# Hooke's Law and differential equations

1. Feb 17, 2007

### Gyroscope

1. The problem statement, all variables and given/known data
$$-kx=m\frac{d^2x}{dt^2}$$

I don't know how to solve differential equations, can someone show me how to do it, with this example.

2. Feb 17, 2007

### cristo

Staff Emeritus
This is an example of a second order differential equation; let's rewrite it as $$\frac{d^2x}{dt^2}+\frac{k}{m}x=0$$ This will have a general solution of the form x=Aeat. Plug this into the equation and we obtain the equation a2+k/m=0, which gives us the values for a; namely $a=\pm \sqrt{-\frac{k}{m}}=\pm i\sqrt{\frac{k}{m}}$. Letting $\sqrt{k/m}=\omega$ we obtain $x(t)=Ae^{i\omega t}+Be^{-i\omega t}$. Now, recognising that this is the form of a sum of cosine and sine functions, we obtain the general solution $x(t)=C\cos(\omega t)+D\sin(\omega t)$

I hope you follow that; however, if you have not studied differential equations, then I would suggest first learning about first order differential equations, and then moving onto second order equations (although, I suspect you want this solution for a specific purpose).

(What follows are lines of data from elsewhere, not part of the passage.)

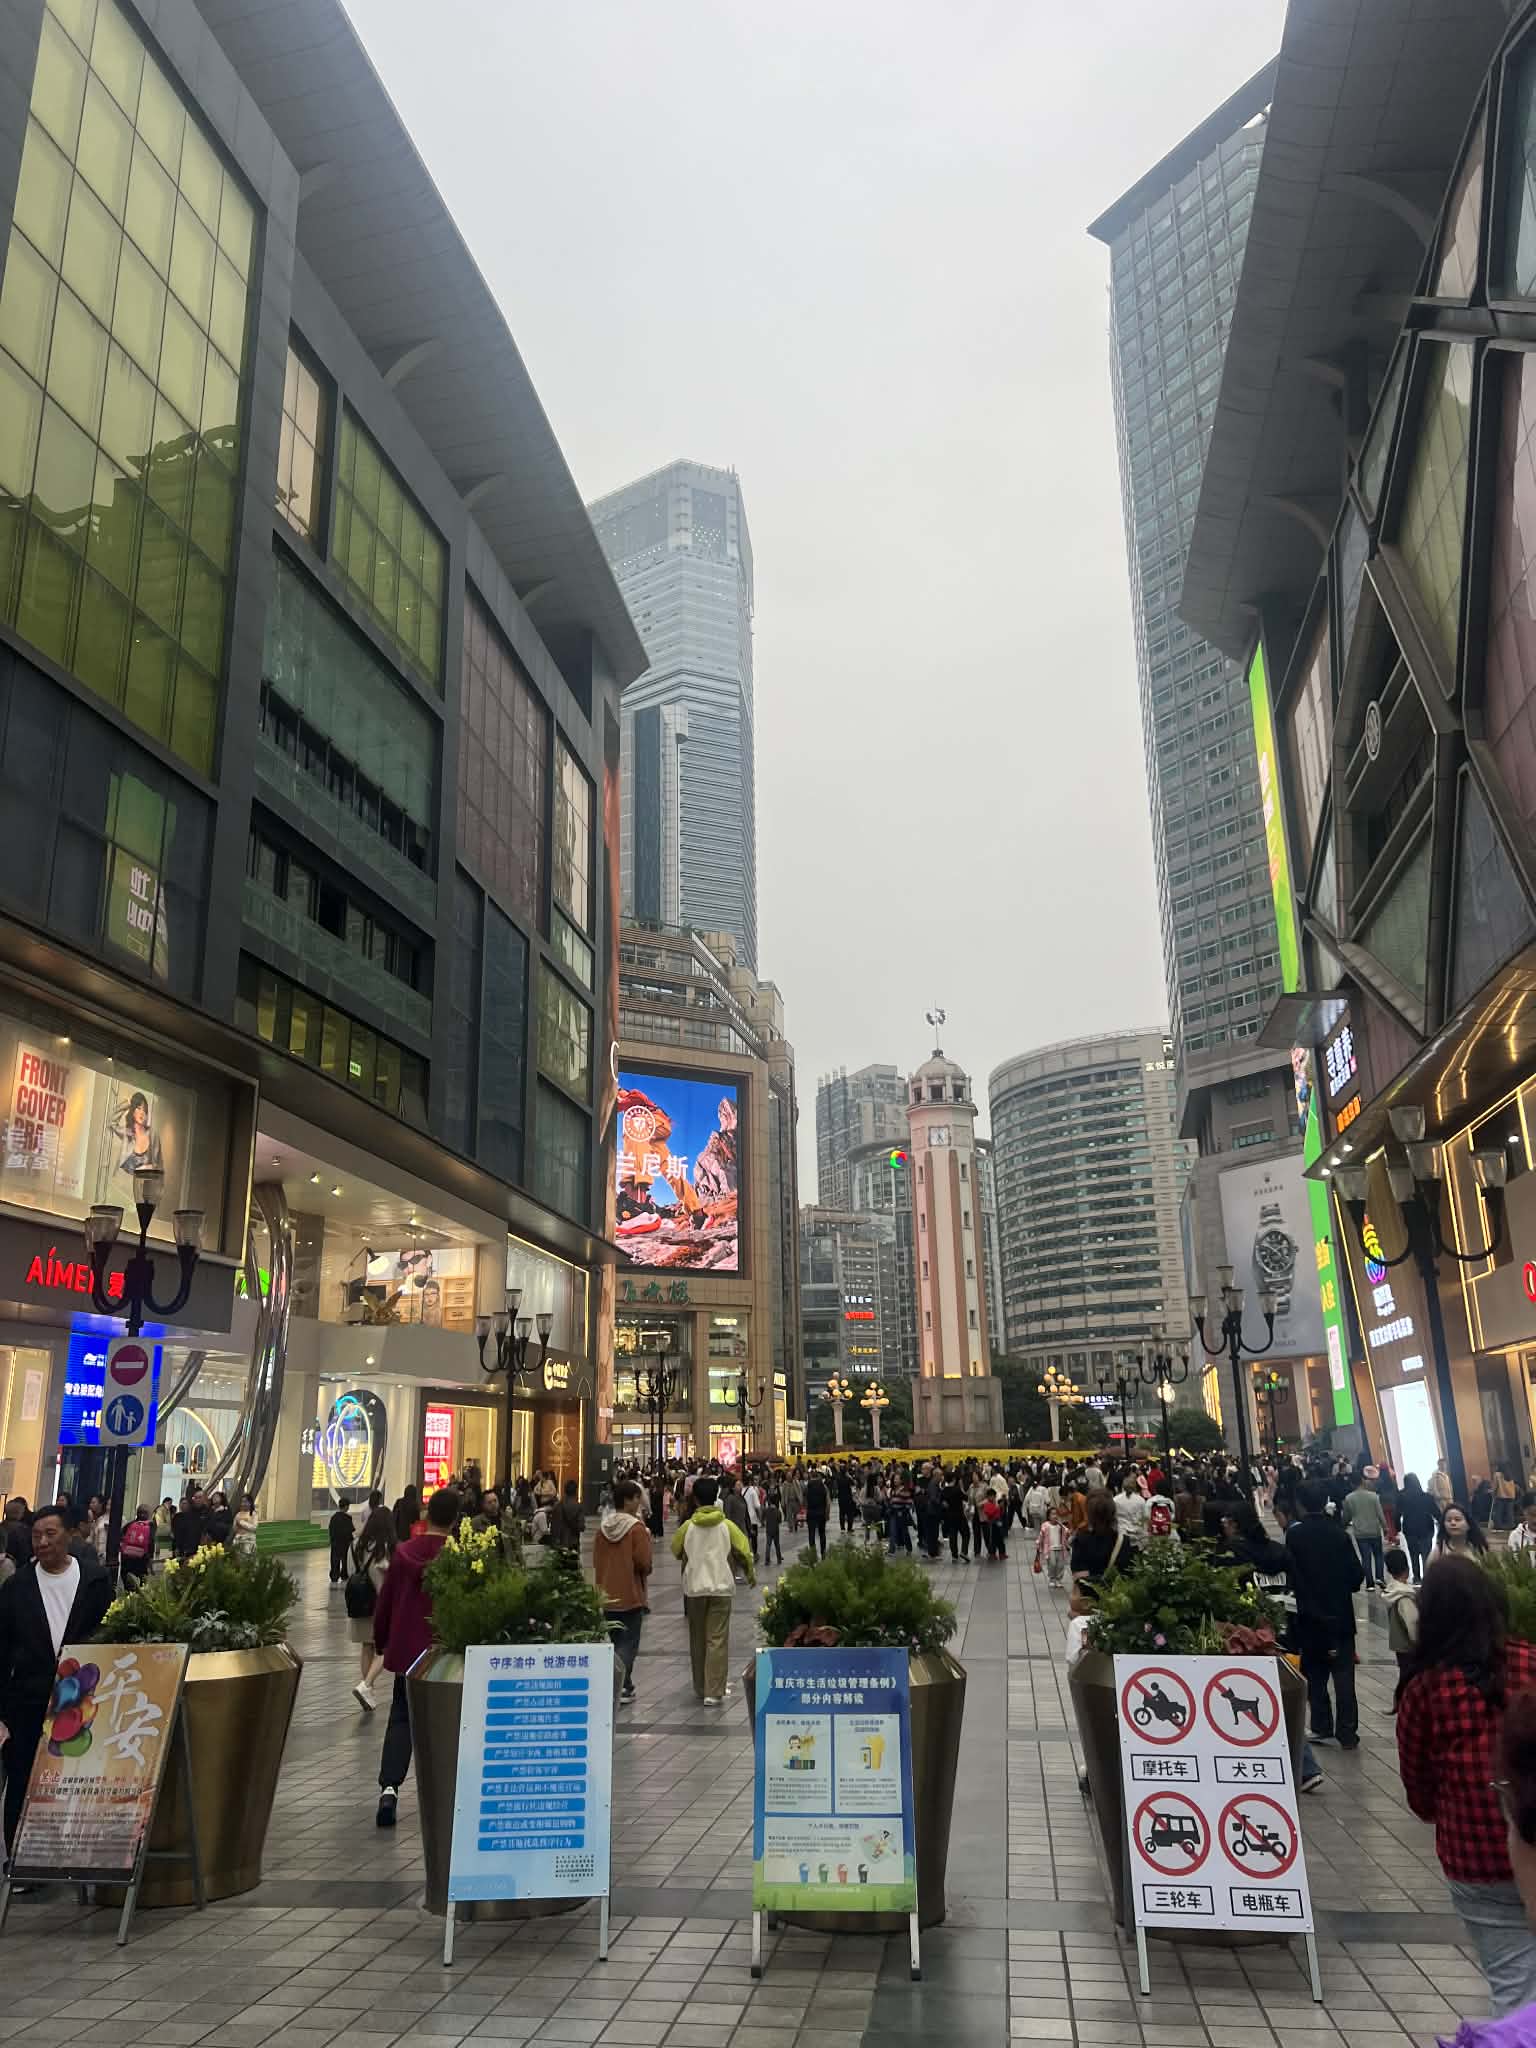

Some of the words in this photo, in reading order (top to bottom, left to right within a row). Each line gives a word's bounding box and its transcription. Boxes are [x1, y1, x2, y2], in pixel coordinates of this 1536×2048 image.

[20, 1052, 70, 1096] FRONT
[16, 1085, 66, 1128] COVER
[489, 1657, 536, 1670] 守序渝中
[543, 1655, 590, 1669] 悦游母城
[768, 1676, 898, 1690] 《重庆市生活垃圾管理条例》
[801, 1693, 864, 1705] 部分内容解读
[92, 1652, 163, 1768] 平安
[1143, 1760, 1188, 1777] 摩托车
[1232, 1762, 1268, 1779] 犬只
[1155, 1890, 1204, 1909] 三轮车
[1242, 1893, 1291, 1913] 电瓶车

[edit: I didn't notice that this was in the homework forum, and so a full solution shouldn't be given; however, I suspect from previous posts that you may be self-learning the subject, and so this is not a homework question]

Last edited: Feb 18, 2007
3. Feb 17, 2007

### Gyroscope

Why do you need both solutions?

4. Feb 18, 2007

### cristo

Staff Emeritus
Since both $e^{i\omega t}$ and $e^{-i\omega t}$ are solutions to the equation, then the general solution will be a linear combination of the two, with the constants determined by the boundary conditions.

5. Feb 18, 2007

### Gyroscope

Thanks cristo. How can you pass from e^(something) to cosine and sine functions?

6. Feb 18, 2007

### cristo

Staff Emeritus
Use the definition of complex exponential, namely $e^{\pm i\theta}=\cos\theta \pm i\sin\theta$. With a bit of rearrangement, we find that $$\cos\theta =\frac{1}{2}(e^{i\theta}+e^{-i\theta})$$ and $$\sin\theta=\frac{1}{2i}(e^{i\theta}-e^{-i\theta})$$

7. Feb 18, 2007

### robphy

While the method described above is very useful and practical, don't forget what the equation is asking:

Can you determine which functions x(t) are proportional to minus their second derivatives?

You don't need a [crash] course in differential equations to answer that question.